→ **Instructions to follow**
Copy the listing exactly, leaving out every picture.

→ **Data extracts**
Start of Block
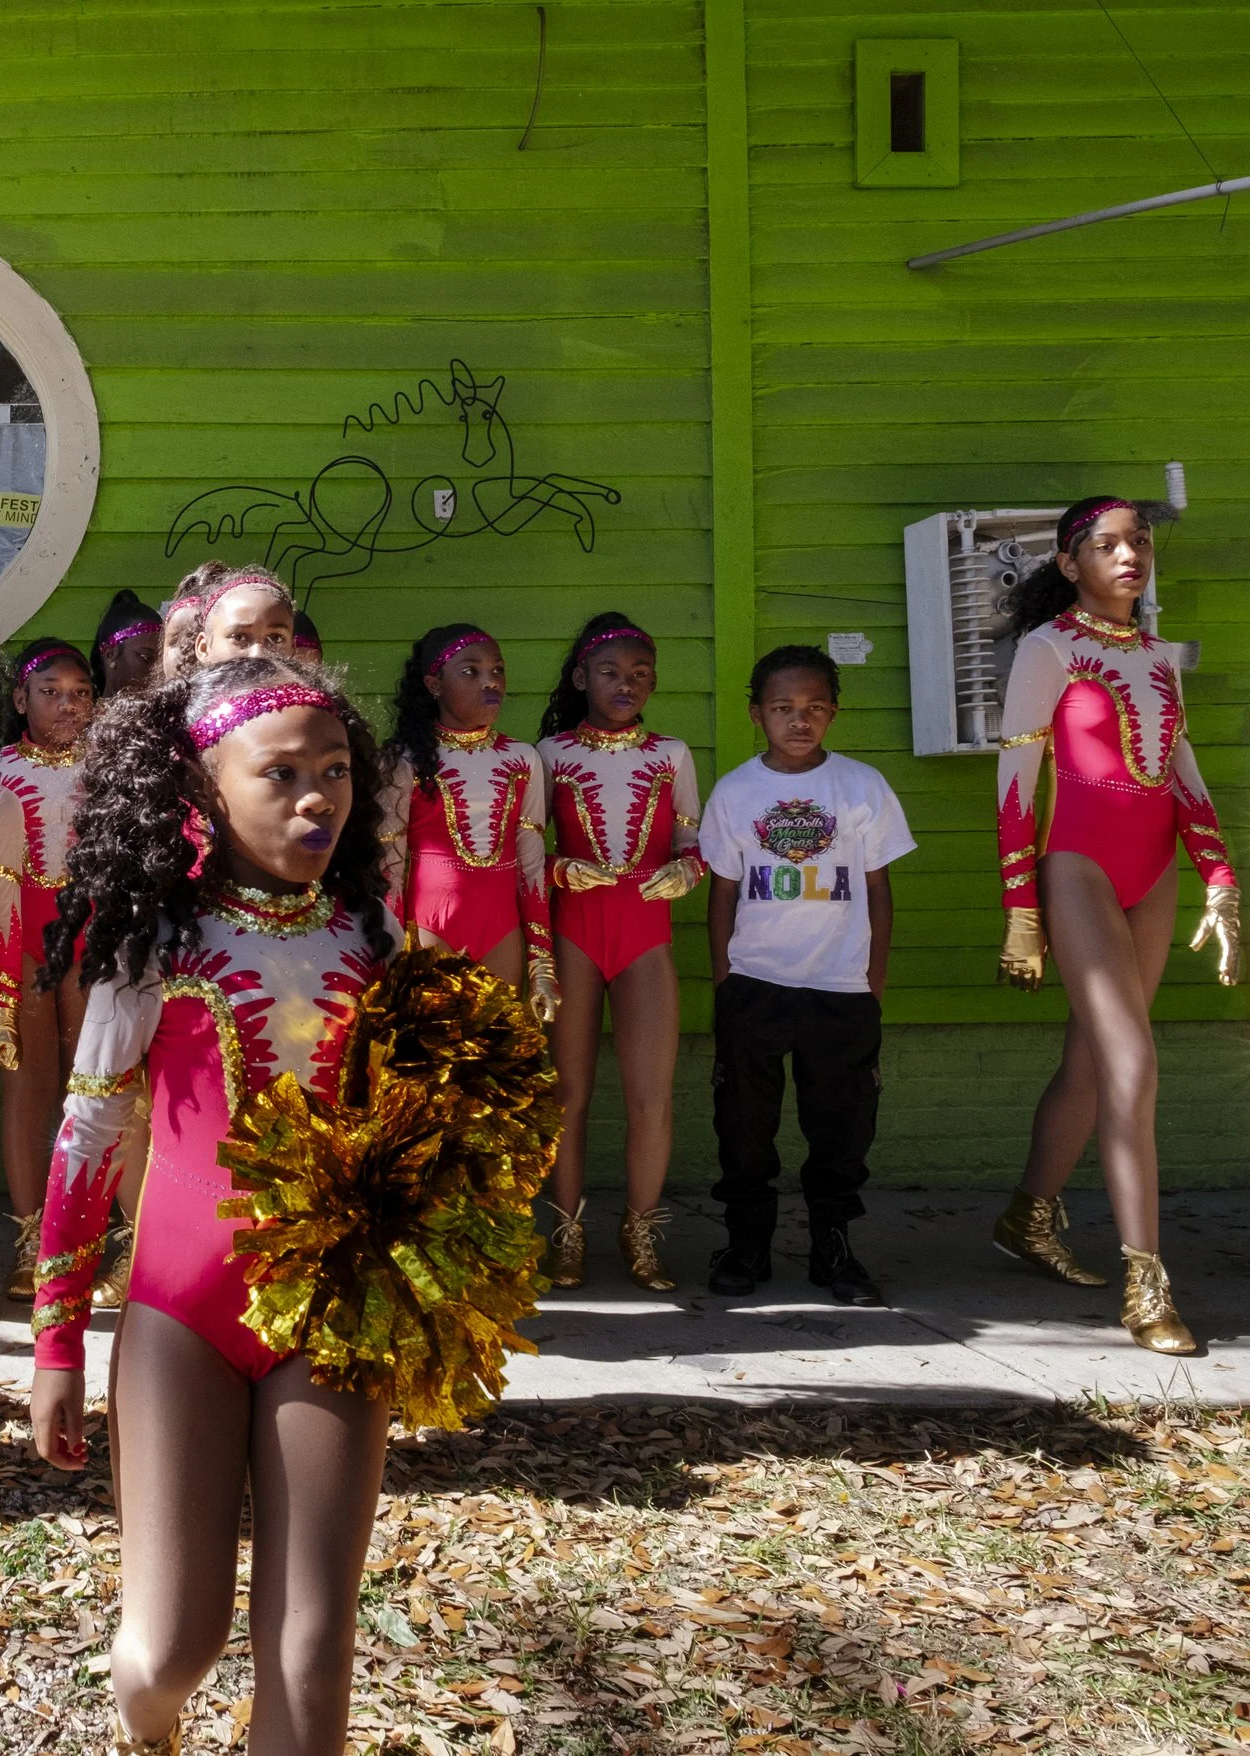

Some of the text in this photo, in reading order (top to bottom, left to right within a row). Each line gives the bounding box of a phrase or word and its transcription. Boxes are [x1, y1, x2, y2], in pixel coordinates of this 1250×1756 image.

[1, 498, 39, 512] FEST
[766, 817, 824, 831] Satin Dolls
[777, 838, 814, 855] Gras
[748, 864, 851, 901] NOLA
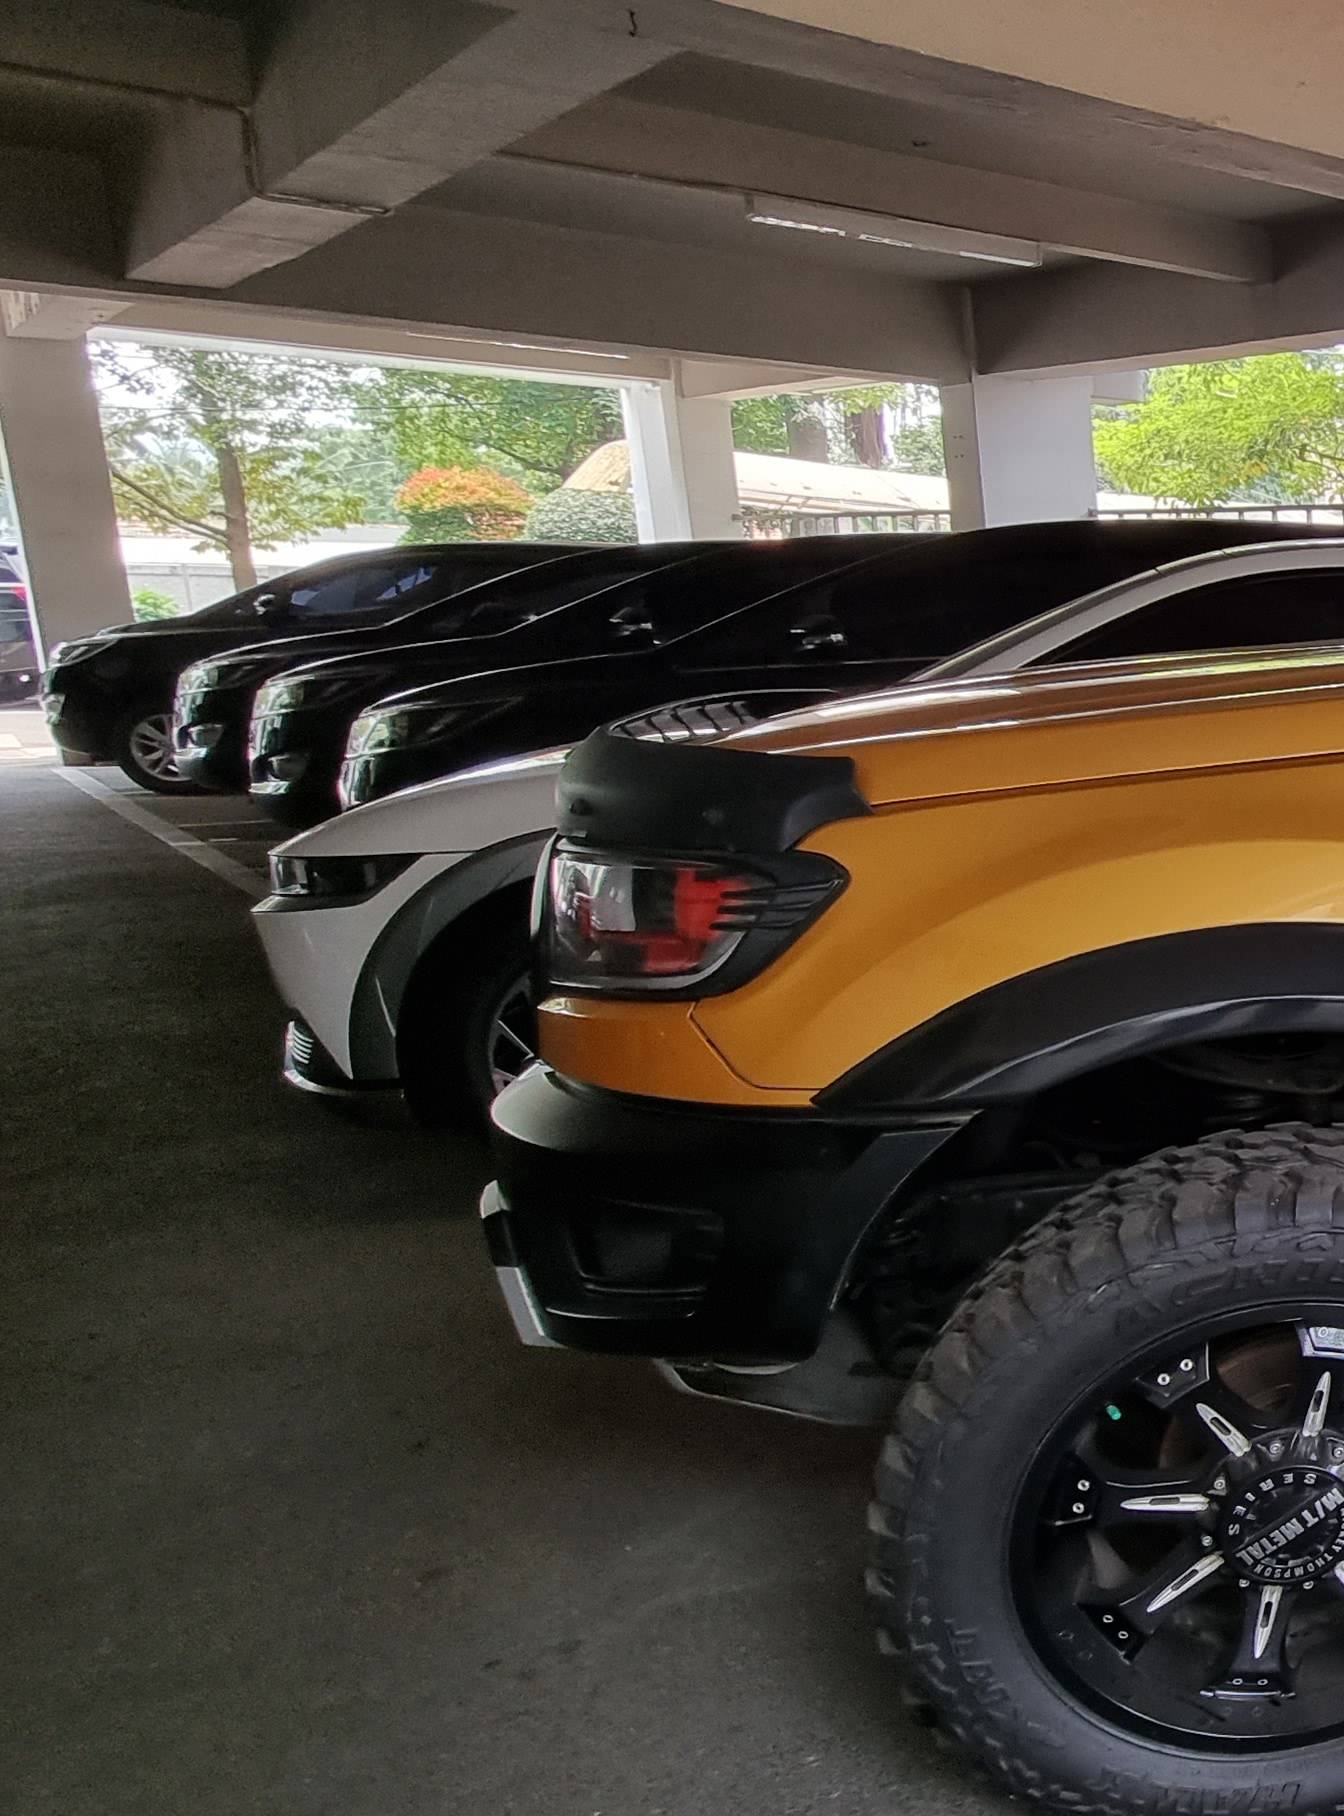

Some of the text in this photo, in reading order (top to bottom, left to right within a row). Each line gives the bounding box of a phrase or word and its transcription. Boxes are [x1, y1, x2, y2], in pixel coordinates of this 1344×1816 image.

[1228, 1472, 1317, 1536] SERIES
[1235, 1517, 1305, 1566] METAL
[1253, 1552, 1334, 1579] THOMPSON
End of Block
→ **Task answer**
Some of the text in this photo, in reading order (top to bottom, left to right within a row). Each line gives the bounding box of a phrase or word and its transcription. Boxes are [x1, y1, x2, y2], in pixel coordinates of this 1250×1756 image.

[1, 498, 39, 512] FEST
[766, 817, 824, 831] Satin Dolls
[777, 838, 814, 855] Gras
[748, 864, 851, 901] NOLA

Some of the text in this photo, in reading order (top to bottom, left to right within a row). Each line gives the bounding box of a phrase or word and its transcription. Boxes are [x1, y1, x2, y2], in pixel coordinates of this 1344×1816 image.

[1228, 1472, 1317, 1536] SERIES
[1235, 1517, 1305, 1566] METAL
[1253, 1552, 1334, 1579] THOMPSON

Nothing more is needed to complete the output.